Work instruction:
Each entry in the listing must be set down again word for word.

Data supplied:
== Segment start ==

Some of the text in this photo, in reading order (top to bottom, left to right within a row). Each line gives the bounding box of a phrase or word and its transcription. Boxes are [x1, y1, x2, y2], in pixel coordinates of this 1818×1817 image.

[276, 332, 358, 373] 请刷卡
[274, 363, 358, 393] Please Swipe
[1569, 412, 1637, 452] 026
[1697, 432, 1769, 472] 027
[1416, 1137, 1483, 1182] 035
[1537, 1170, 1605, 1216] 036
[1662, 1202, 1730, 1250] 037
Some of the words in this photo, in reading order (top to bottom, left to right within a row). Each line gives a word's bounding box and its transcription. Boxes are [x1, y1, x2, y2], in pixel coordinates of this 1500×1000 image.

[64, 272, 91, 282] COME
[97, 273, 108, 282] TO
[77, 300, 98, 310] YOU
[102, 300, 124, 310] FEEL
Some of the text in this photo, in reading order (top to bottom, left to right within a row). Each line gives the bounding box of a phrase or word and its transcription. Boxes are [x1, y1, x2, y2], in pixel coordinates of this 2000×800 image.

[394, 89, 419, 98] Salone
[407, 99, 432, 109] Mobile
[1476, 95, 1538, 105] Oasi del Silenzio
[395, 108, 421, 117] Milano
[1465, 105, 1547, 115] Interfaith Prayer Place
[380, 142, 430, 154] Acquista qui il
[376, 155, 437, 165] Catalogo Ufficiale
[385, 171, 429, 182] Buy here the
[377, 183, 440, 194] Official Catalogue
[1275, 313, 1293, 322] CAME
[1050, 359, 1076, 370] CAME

== Segment end ==

Result for this exercise:
Some of the text in this photo, in reading order (top to bottom, left to right within a row). Each line gives the bounding box of a phrase or word and its transcription. Boxes are [x1, y1, x2, y2], in pixel coordinates of this 1818×1817 image.

[276, 332, 358, 373] 请刷卡
[274, 363, 358, 393] Please Swipe
[1569, 412, 1637, 452] 026
[1697, 432, 1769, 472] 027
[1416, 1137, 1483, 1182] 035
[1537, 1170, 1605, 1216] 036
[1662, 1202, 1730, 1250] 037
Some of the words in this photo, in reading order (top to bottom, left to right within a row). Each line gives a word's bounding box and its transcription. Boxes are [x1, y1, x2, y2], in pixel coordinates of this 1500×1000 image.

[64, 272, 91, 282] COME
[97, 273, 108, 282] TO
[77, 300, 98, 310] YOU
[102, 300, 124, 310] FEEL
Some of the text in this photo, in reading order (top to bottom, left to right within a row). Each line gives the bounding box of a phrase or word and its transcription. Boxes are [x1, y1, x2, y2], in pixel coordinates of this 2000×800 image.

[394, 89, 419, 98] Salone
[407, 99, 432, 109] Mobile
[1476, 95, 1538, 105] Oasi del Silenzio
[395, 108, 421, 117] Milano
[1465, 105, 1547, 115] Interfaith Prayer Place
[380, 142, 430, 154] Acquista qui il
[376, 155, 437, 165] Catalogo Ufficiale
[385, 171, 429, 182] Buy here the
[377, 183, 440, 194] Official Catalogue
[1275, 313, 1293, 322] CAME
[1050, 359, 1076, 370] CAME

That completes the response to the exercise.